* _Task item_
Each entry below should be returned exactly as is, with the pictures removed.

Spatial localization data
--

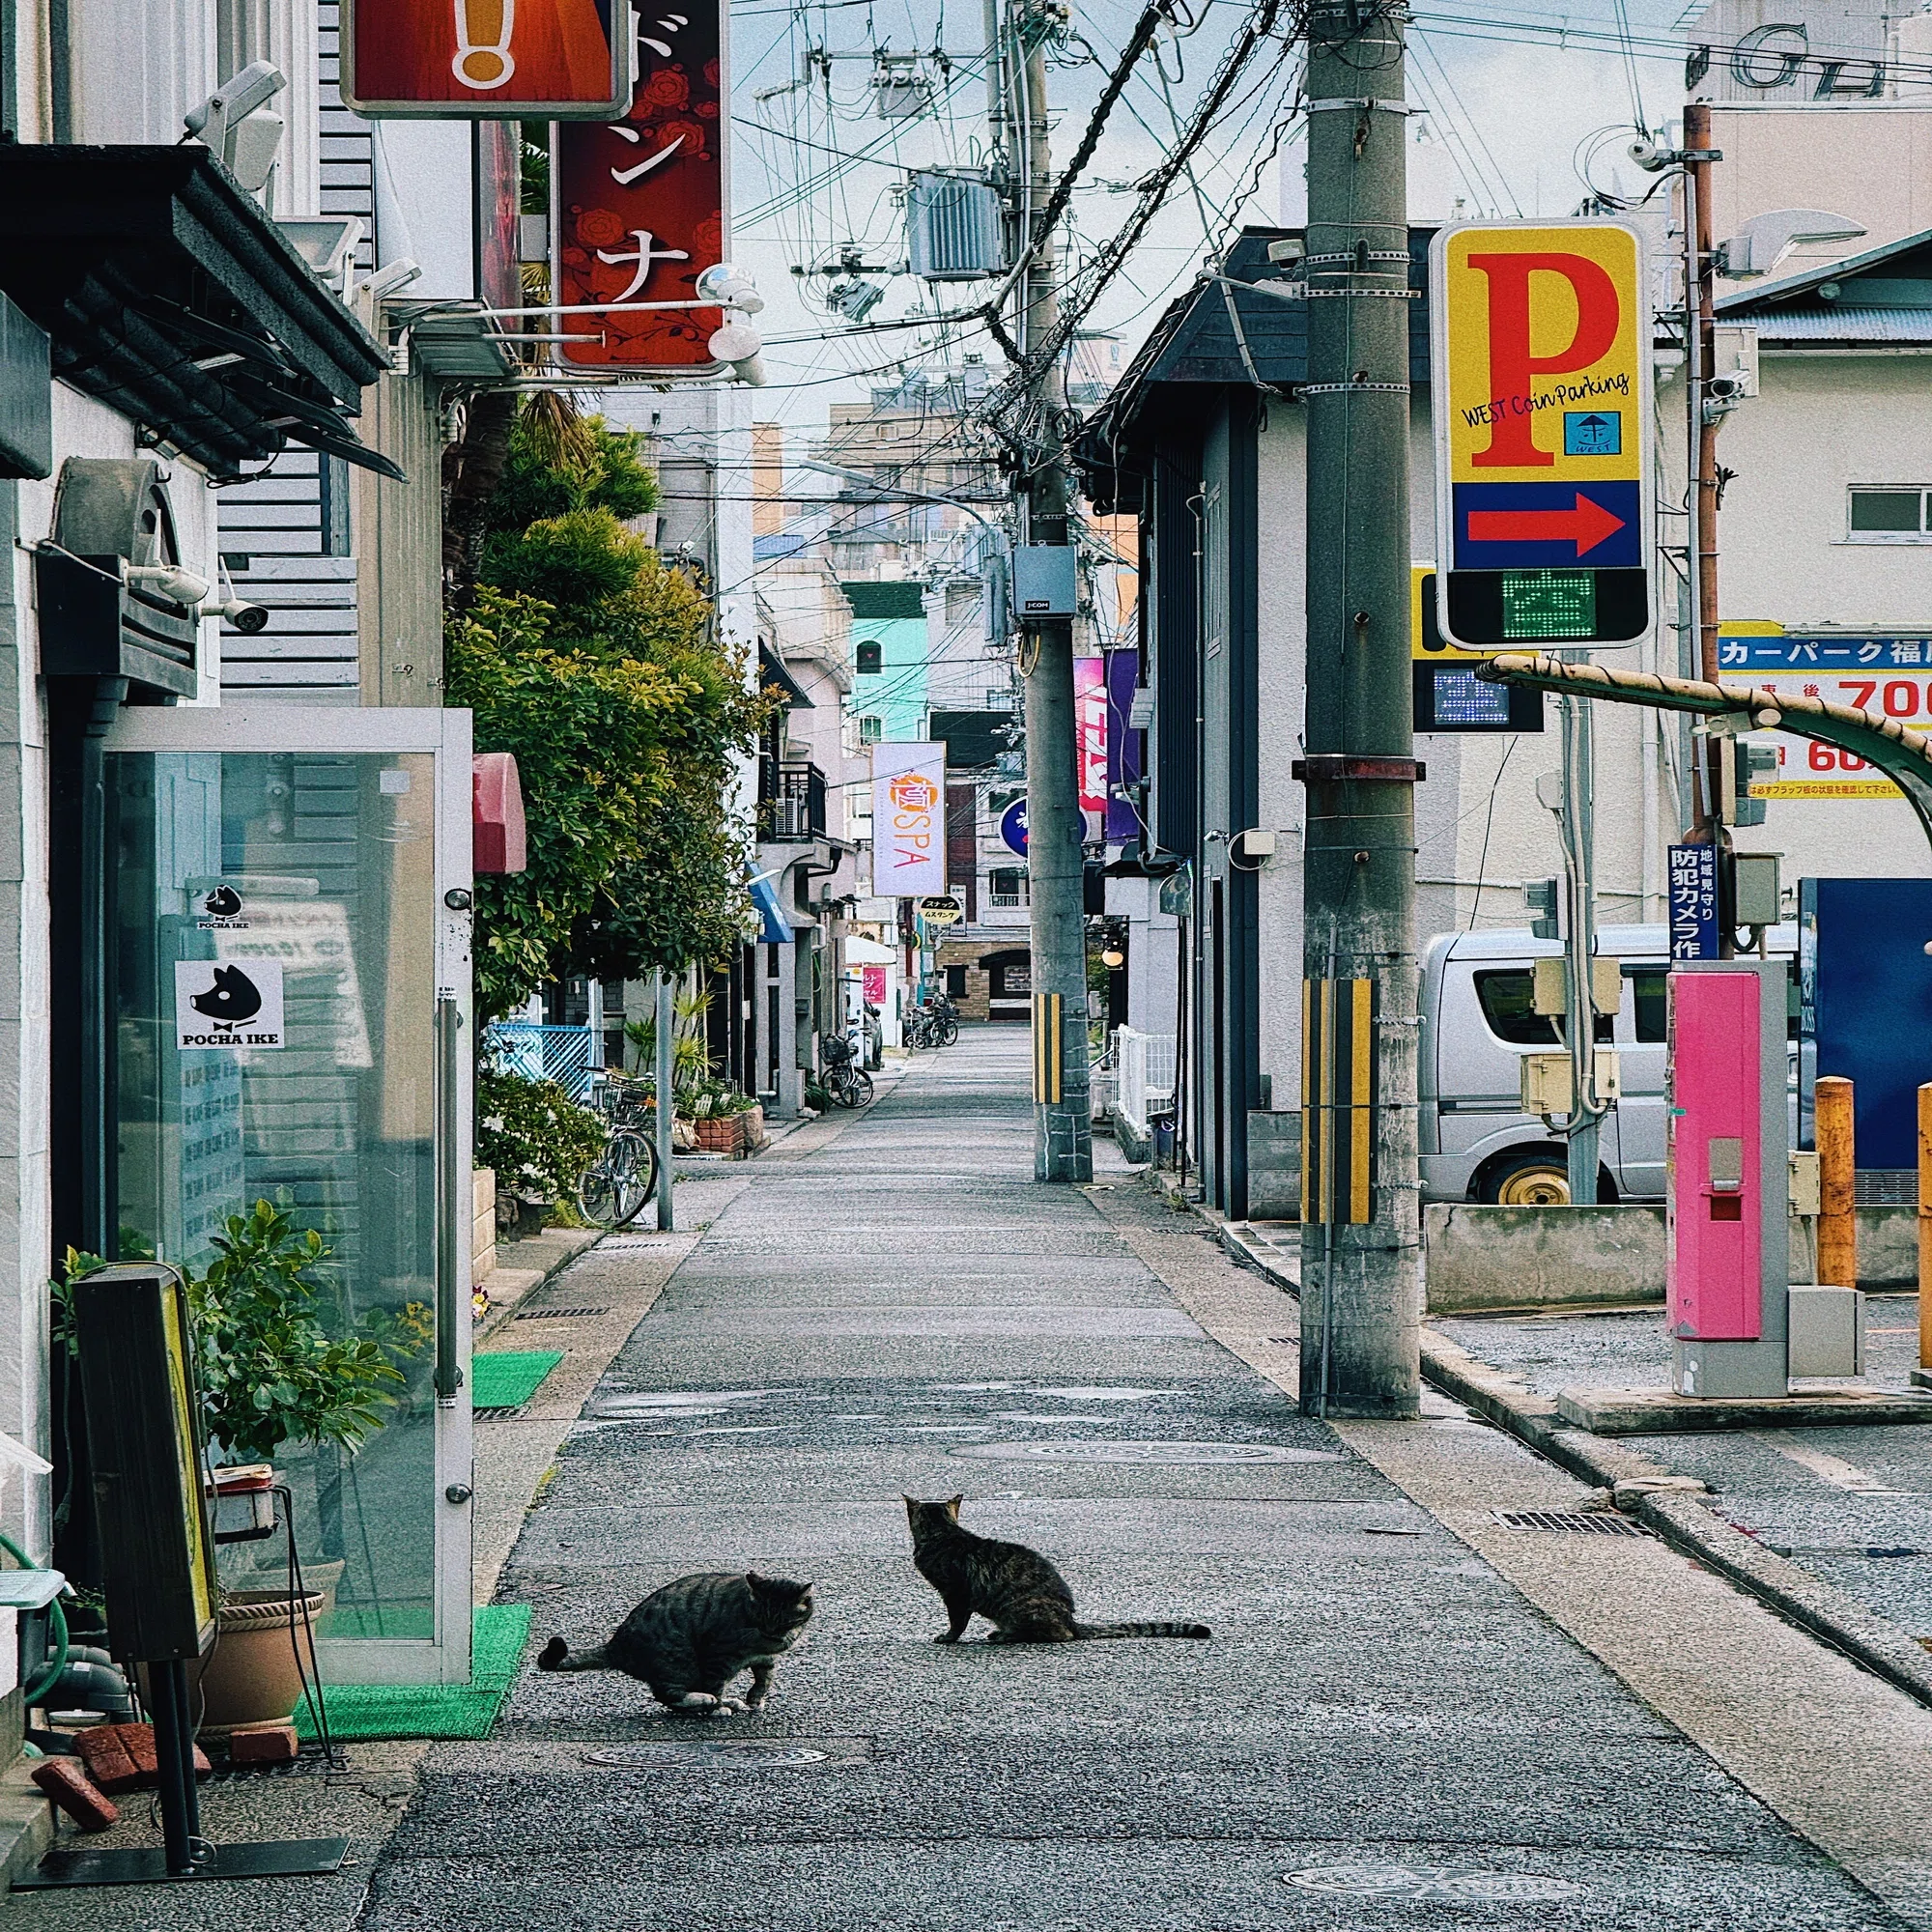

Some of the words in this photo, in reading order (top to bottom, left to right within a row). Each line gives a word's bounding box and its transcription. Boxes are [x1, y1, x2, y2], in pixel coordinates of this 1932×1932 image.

[1466, 252, 1620, 467] P
[1461, 398, 1506, 428] WEST
[1511, 392, 1556, 415] Coin
[1554, 372, 1631, 406] Parking
[1575, 443, 1612, 454] WEST
[1837, 680, 1932, 718] 70
[926, 900, 955, 909] スナック
[1671, 850, 1701, 958] 防犯カメラ作
[1700, 849, 1714, 921] 地域見守り
[183, 1035, 243, 1045] POCHA
[246, 1034, 279, 1044] IKE

--

* _Output of the task_
Some of the words in this photo, in reading order (top to bottom, left to right within a row). Each line gives a word's bounding box and its transcription. Boxes are [x1, y1, x2, y2], in pixel coordinates of this 1932×1932 image.

[1466, 252, 1620, 467] P
[1461, 398, 1506, 428] WEST
[1511, 392, 1556, 415] Coin
[1554, 372, 1631, 406] Parking
[1575, 443, 1612, 454] WEST
[1837, 680, 1932, 718] 70
[926, 900, 955, 909] スナック
[1671, 850, 1701, 958] 防犯カメラ作
[1700, 849, 1714, 921] 地域見守り
[183, 1035, 243, 1045] POCHA
[246, 1034, 279, 1044] IKE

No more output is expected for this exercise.